Üstelik York Dükü Prens Albert ve Düşesi Elizabeth Bowes-Lyon’un ilk çocuğu ola­rak, 21 Nisan 1926’da dünyaya geldiğinde, bir gün kraliçe ola­bileceği hiç düşünülmemişti. Tahtın birinci varisi amcası 8. Edward, 1936’da 2. Eliza­beth’in büyükbabası Kral 5. George’un ölümüyle tacın sa­hibi olmuştu. 8. Edward, hem boşanmış olması hem de Ame­rikalı olması nedeniyle Krali­yet ailesinin onay vermediği Wallis Simpson’la evlenmeyi tahta tercih edince, o zamana dek nispeten gözlerden uzak bir yaşam sürebilmiş aile, ken­disini bir anda hiç hazırlıklı olmadığı bir senaryonun için­de bulmuştu.

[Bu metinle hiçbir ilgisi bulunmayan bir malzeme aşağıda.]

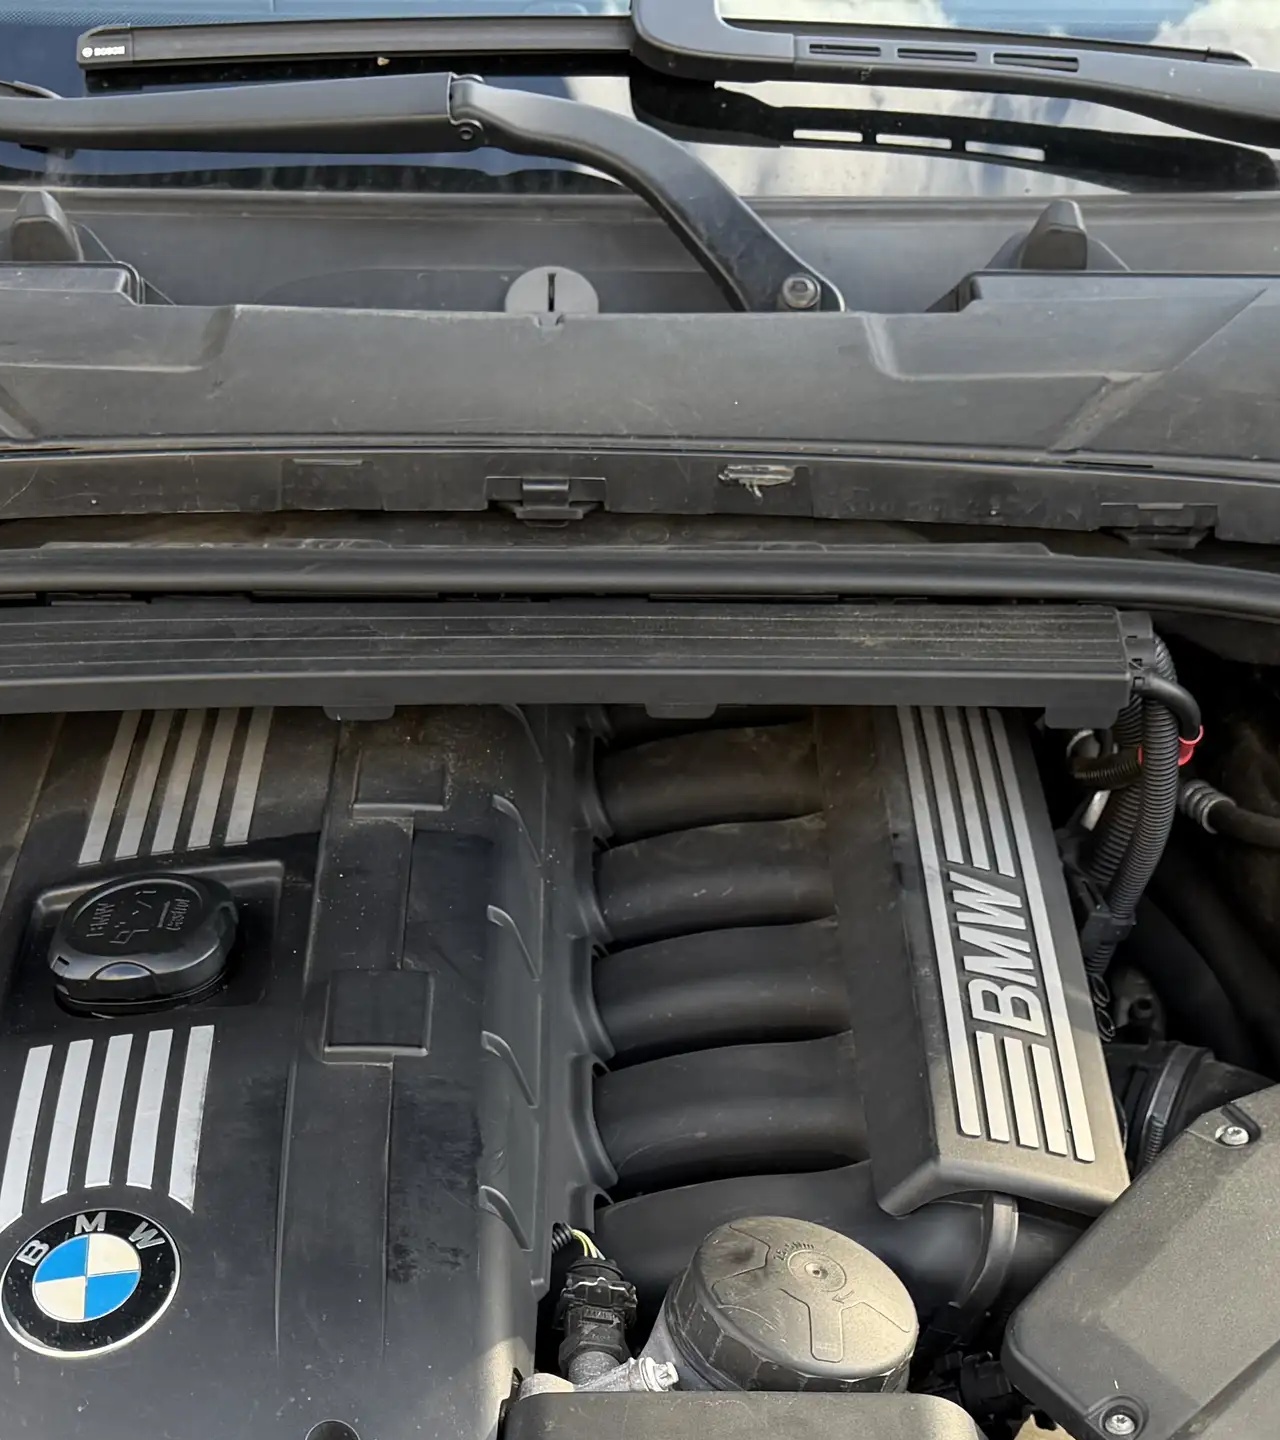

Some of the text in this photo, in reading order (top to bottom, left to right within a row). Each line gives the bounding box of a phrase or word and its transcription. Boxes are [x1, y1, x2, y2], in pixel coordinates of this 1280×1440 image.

[85, 902, 116, 938] BMW
[948, 871, 1047, 1037] BMW
[16, 1211, 166, 1267] BMW

Babası 6. Geor­ge gönülsüzce tahta geçerken 2. Elizabeth de veliaht olarak “Yüce Prenses Elizabeth” un­vanını almıştı.

Ocak 1952’de Elizabeth ve eşi Philip, hasta olan Kral’ın yerine denizaşırı bir tura çıktı. Babasının ölüm haberini, do­layısıyla tahtın yeni sahibi ol­duğunu öğrendiğinde, sömürge karşıtı Mau Mau Hareketi’nin kanlı bir şekilde bastırıldığı Kenya’daydı. Bir prenses olarak girdiği ülkeden, belki bir İmpa­ratoriçe olarak değil -Hindis­tan ve Pakistan’ın 1947’de ba­ğımsızlığını kazanması bu un­vanı ortadan kaldırmıştı- ama emperyal monarşinin mirası İngiliz Milletler Topluluğu’nun yeni başkanı olarak ayrılıyor­du. Kraliyet üyelerinin seyahat ederken her daim yanlarında siyah bir “yas” kıyafeti bulun­durmaları kuralı da o gün or­taya çıkmıştı. Eve dönüşünde uçaktan inerken giyecek uygun bir kıyafet bulamayan Eliza­beth, saraydan getirilen kıyafe­ti uçakta giyip dışarı çıkmıştı.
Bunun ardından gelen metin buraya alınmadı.